A senior official at a pharma firm that had exited its Japan business some years before recently described to Business Standard how the regulatory landscape in Japan has been changing. The government there wants nearly 80 per cent of the pharma market to be of generic drugs by 2020.
For Sun Pharma, however, its rest-of-the-world markets grew 49.1 per cent during the second quarter. Analysts said this was due to consolidation of Pola Pharma in Japan. Sun had completed its acquisition of Japan-based Pola last January, to strengthen its presence in the dermatology segment. Pola makes and distributes branded and generic products in Japan, the portfolio primarily of dermatology products.
Sun forayed into the Japanese prescription market in 2016 with the acquisition of 14 established prescription brands from Novartis. Why is it bullish on Japan, when others are wary of the price cuts there?
Dilip Shanghvi, managing director, said during a recent earnings call: “For long-listed brands, there would be a decline in pricing. The Pola portfolio is a mix of branded product and long-listed products but the majority are of our branded products.”
has also indicated higher research and development spending in the coming quarters for its speciality business. This would include clinical studies for the China and Japan markets. Shanghvi says of these: “These are mostly products we are developing for markets other than China and Japan. Looking at the size of these (latter two) markets, we do not rule out developing something specific for them.”

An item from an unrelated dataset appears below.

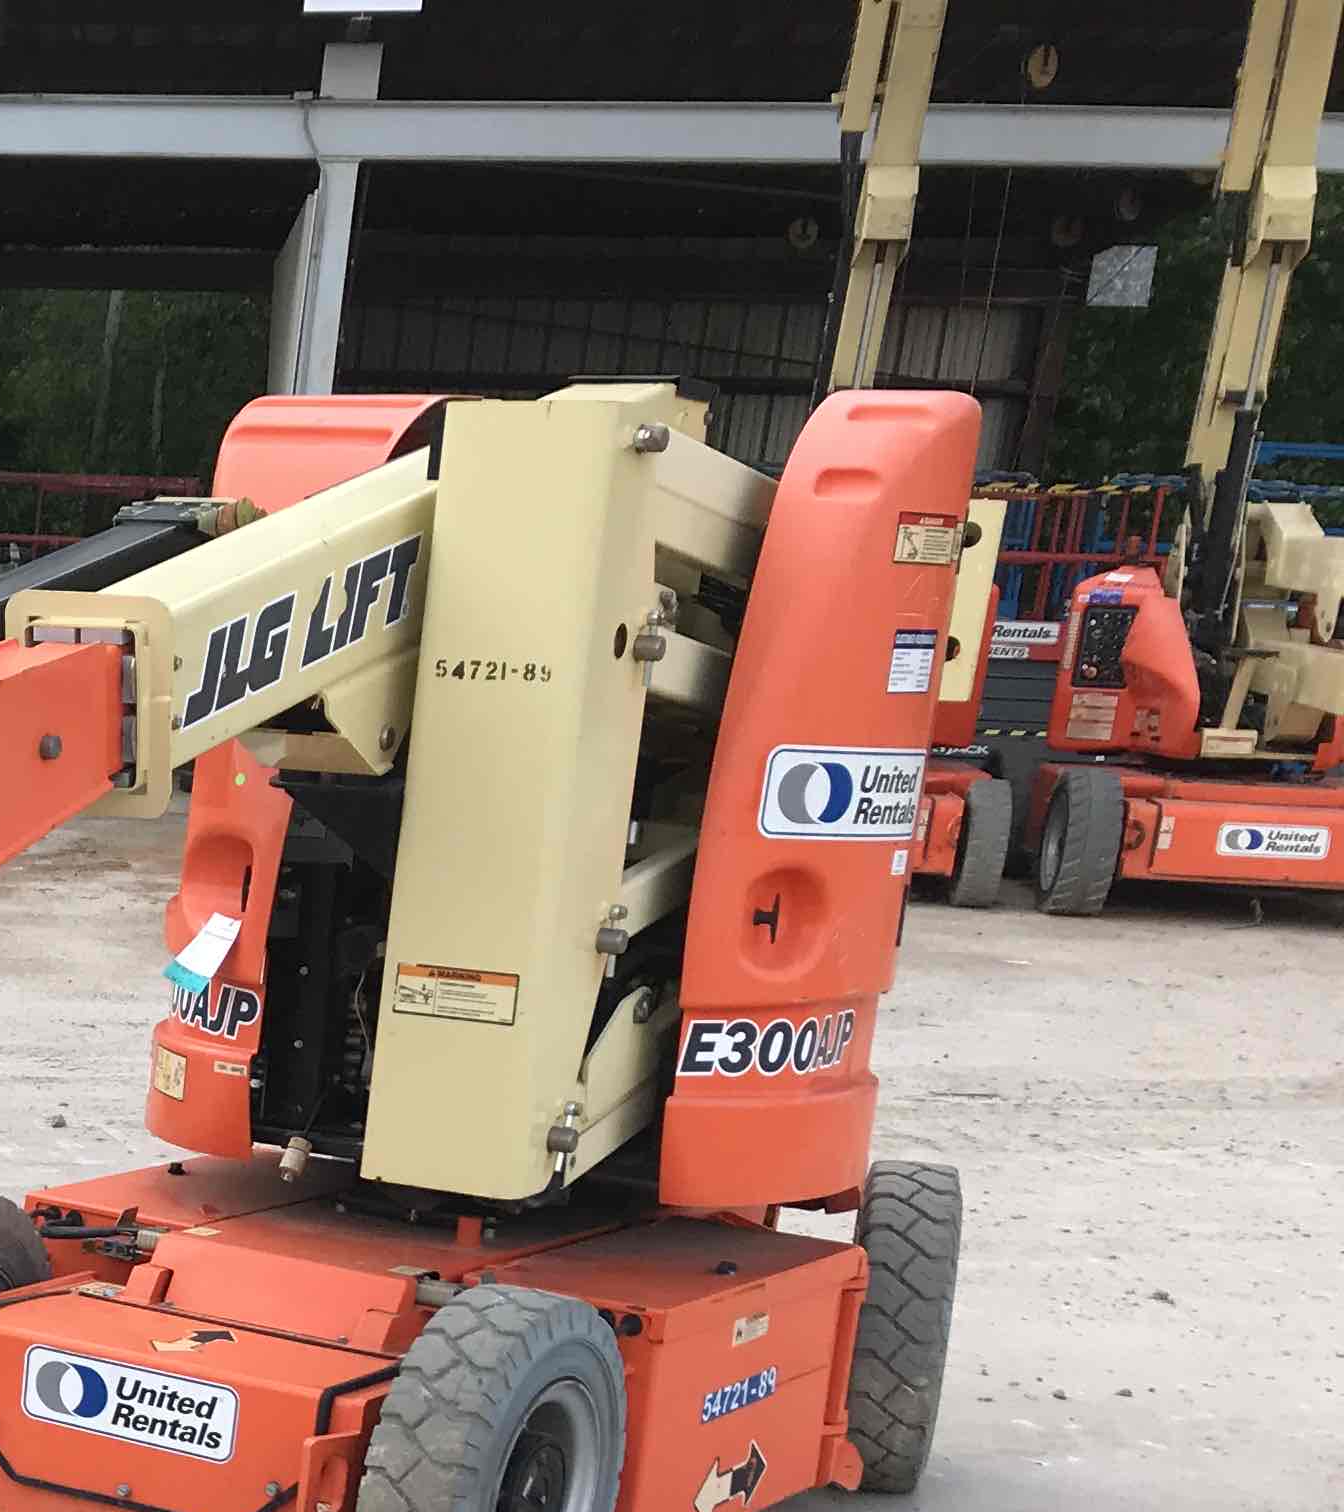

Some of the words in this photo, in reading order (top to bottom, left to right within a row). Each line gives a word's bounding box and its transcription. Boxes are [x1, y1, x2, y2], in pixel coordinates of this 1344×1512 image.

Analysts say Sun is betting on the branded products portfolio to sail through pricing pressure in the Japanese market.
“If it is able to gain significant market share in Japan in the branded segment, then it may make sense in the future. However, Sun has to be very careful about its Japan strategy now, as the country is increasingly becoming a generic drugs market,” said a Mumbai based analyst. The Japanese market has annual price erosion of seven to eight per cent.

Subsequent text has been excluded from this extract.